== Records to process

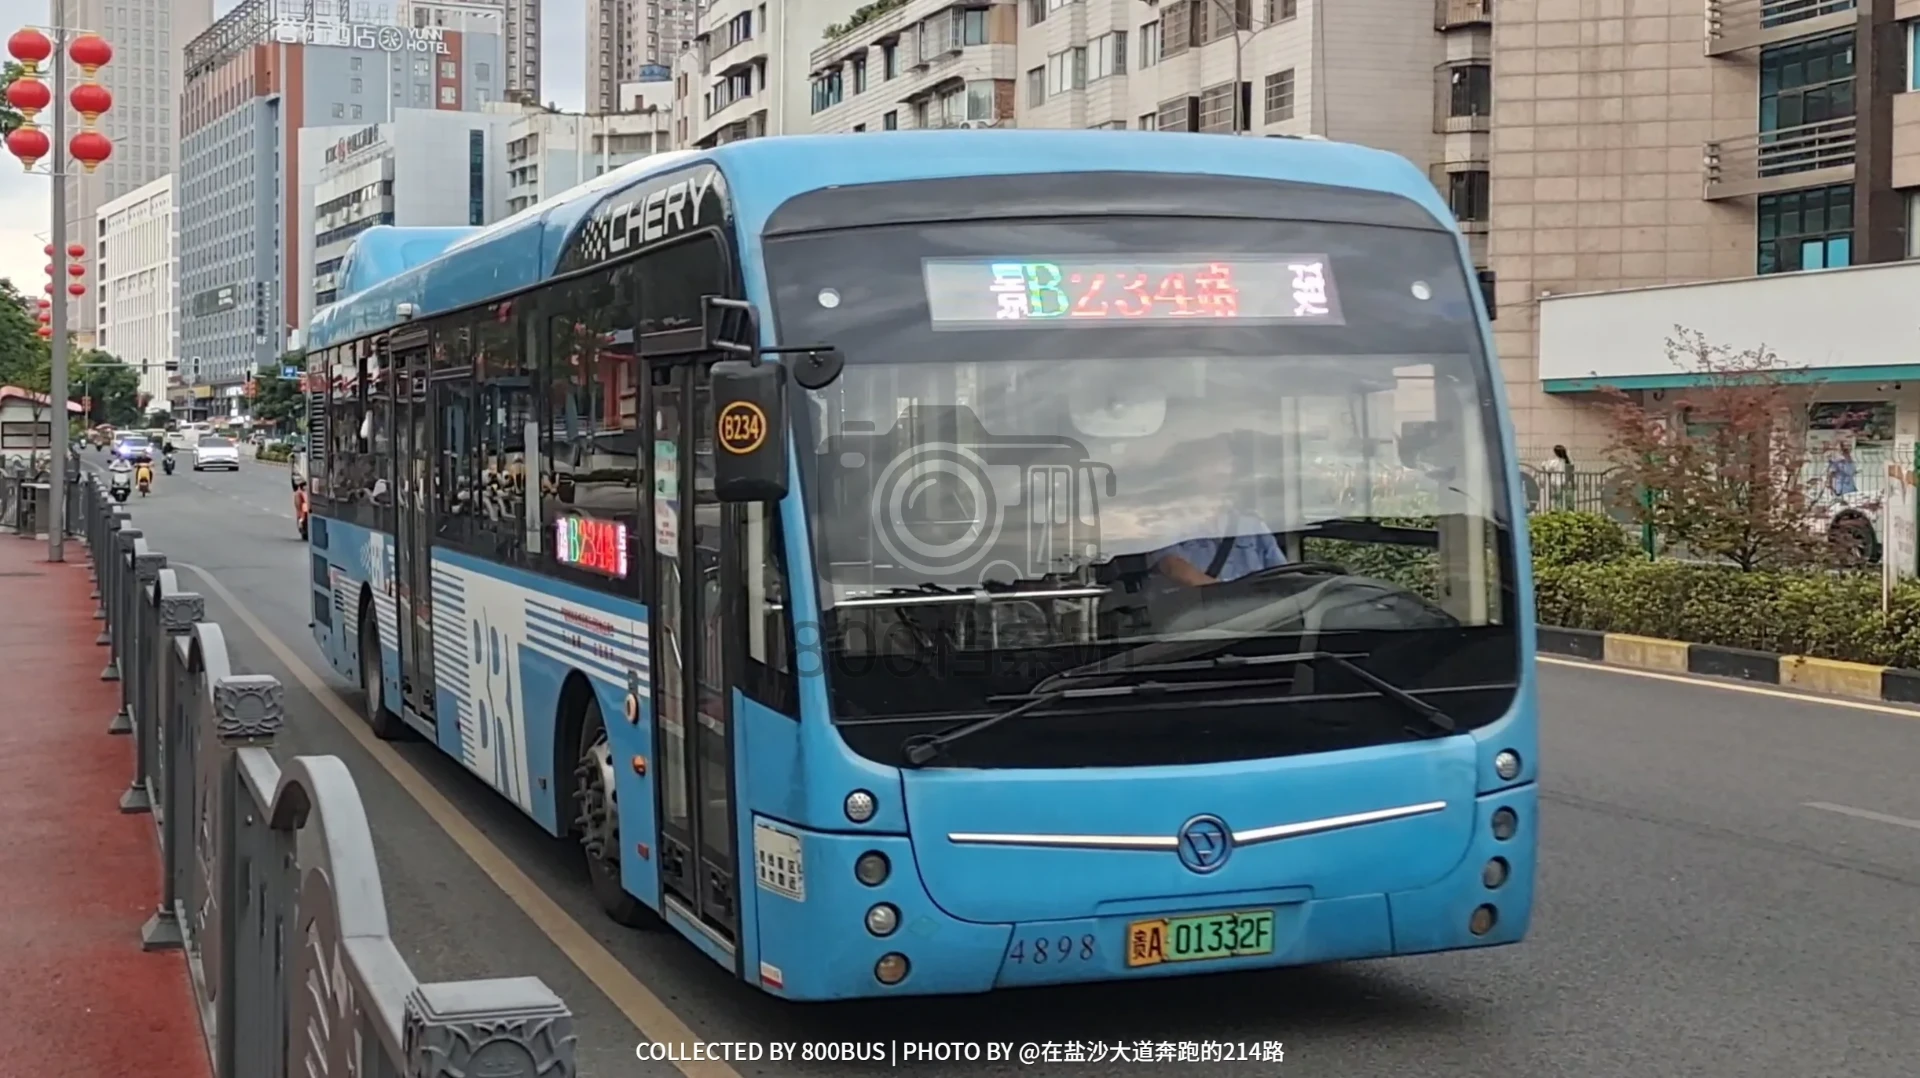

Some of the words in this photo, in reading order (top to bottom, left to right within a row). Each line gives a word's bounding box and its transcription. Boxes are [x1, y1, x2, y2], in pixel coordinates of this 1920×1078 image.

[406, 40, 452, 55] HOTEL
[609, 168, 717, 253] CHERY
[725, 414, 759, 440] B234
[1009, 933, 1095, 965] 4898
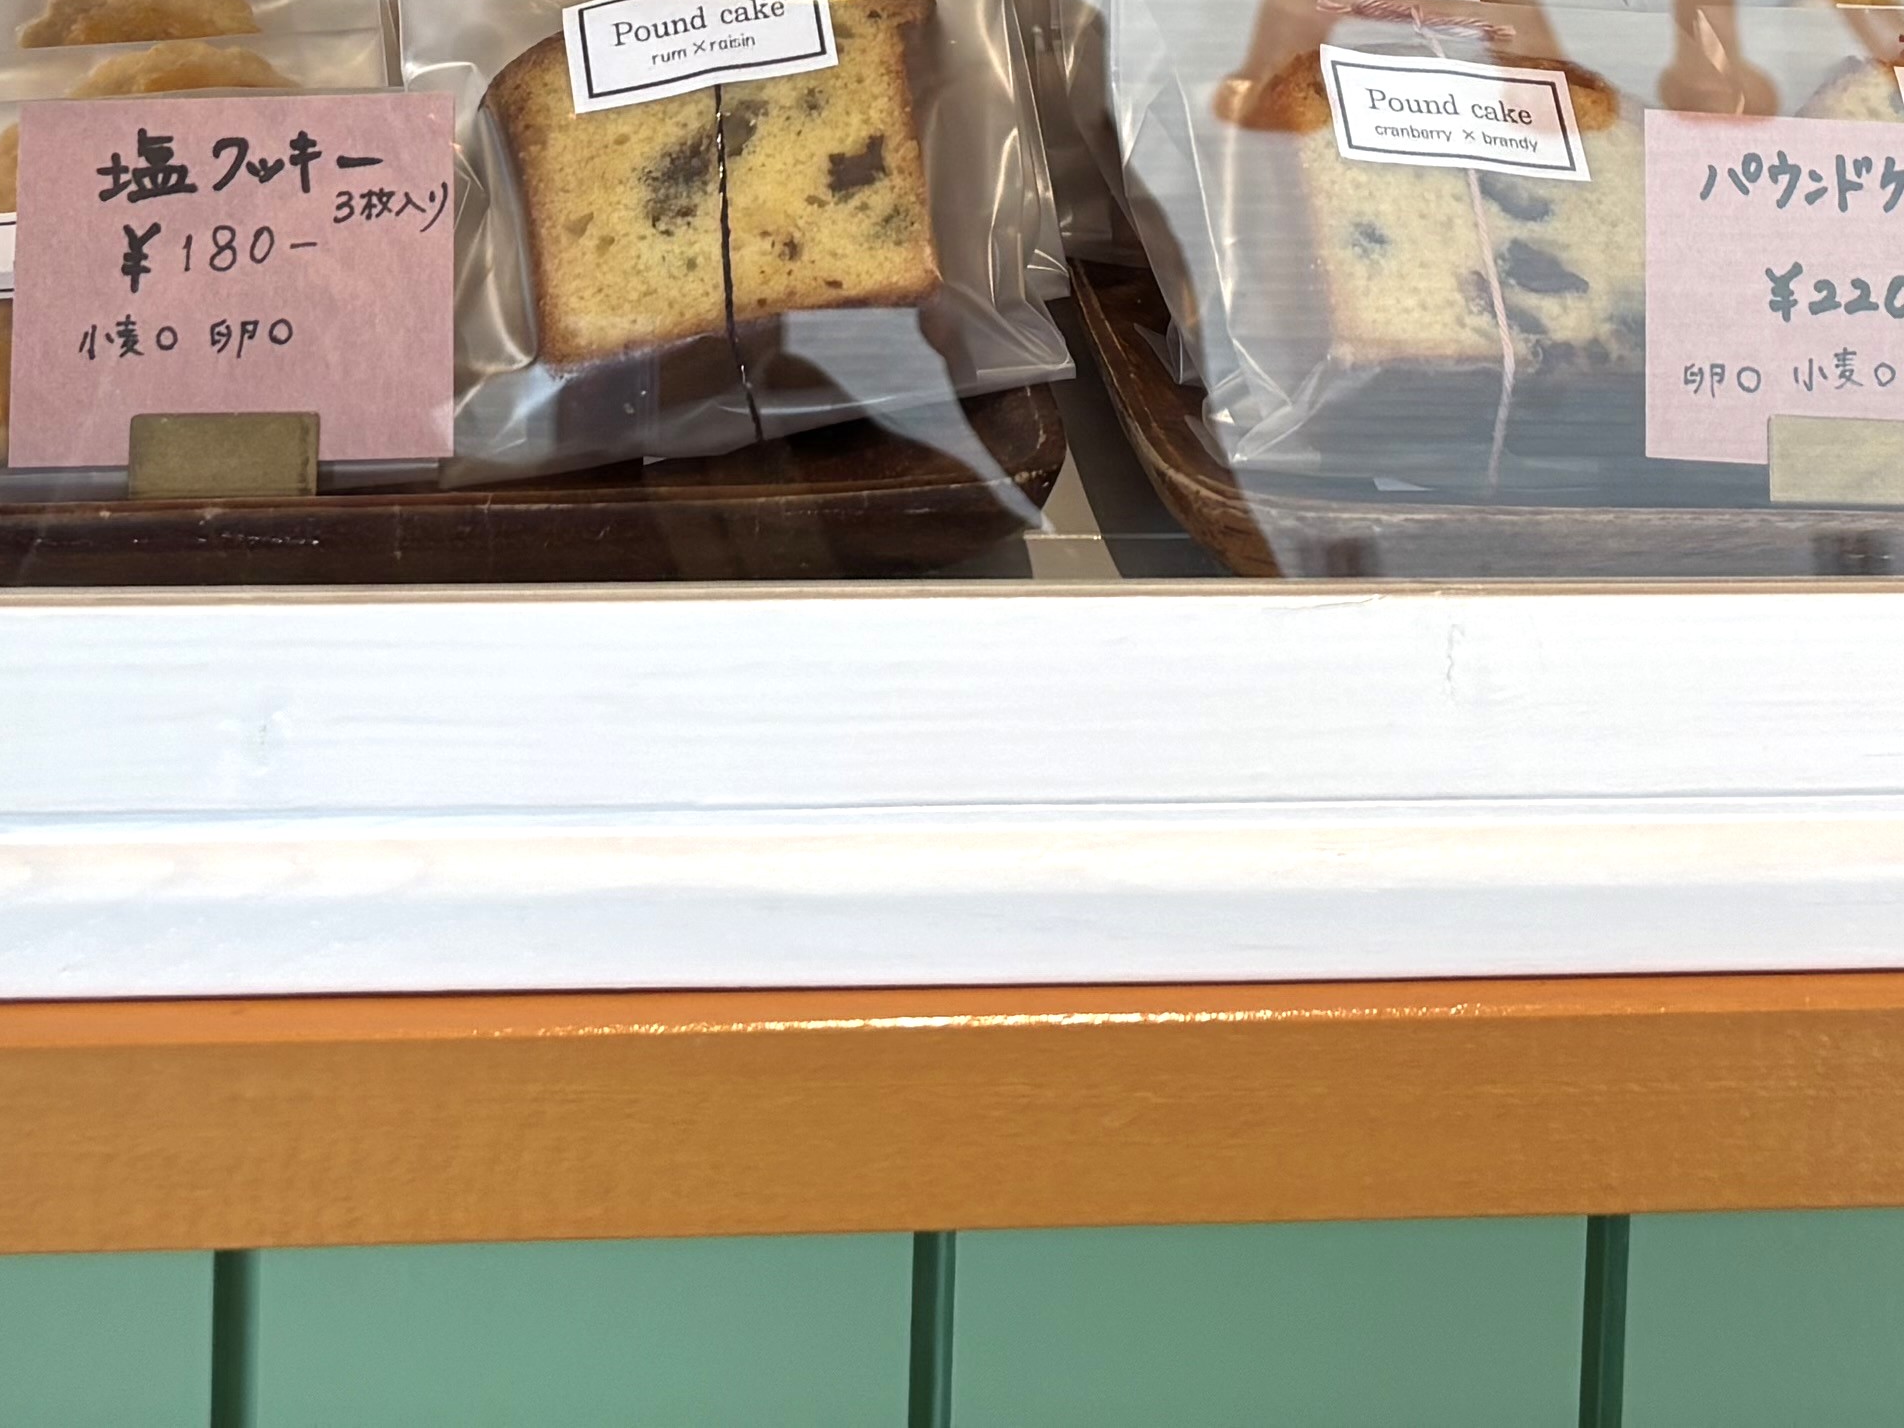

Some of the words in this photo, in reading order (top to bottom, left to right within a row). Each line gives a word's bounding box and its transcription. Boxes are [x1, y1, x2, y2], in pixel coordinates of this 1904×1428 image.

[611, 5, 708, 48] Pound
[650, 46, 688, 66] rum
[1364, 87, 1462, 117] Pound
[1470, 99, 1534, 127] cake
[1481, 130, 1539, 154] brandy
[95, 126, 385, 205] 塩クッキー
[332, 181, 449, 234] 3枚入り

====

Only the text of the entries belongs in the answer, copied exactly; the pictures stay out.

__Answer box__
Some of the words in this photo, in reading order (top to bottom, left to right within a row). Each line gives a word's bounding box and its transcription. Boxes are [x1, y1, x2, y2], in pixel coordinates of this 1920×1078 image.

[406, 40, 452, 55] HOTEL
[609, 168, 717, 253] CHERY
[725, 414, 759, 440] B234
[1009, 933, 1095, 965] 4898

Some of the words in this photo, in reading order (top to bottom, left to right within a row). Each line gives a word's bounding box and its transcription. Boxes are [x1, y1, x2, y2], in pixel coordinates of this 1904×1428 image.

[611, 5, 708, 48] Pound
[650, 46, 688, 66] rum
[1364, 87, 1462, 117] Pound
[1470, 99, 1534, 127] cake
[1481, 130, 1539, 154] brandy
[95, 126, 385, 205] 塩クッキー
[332, 181, 449, 234] 3枚入り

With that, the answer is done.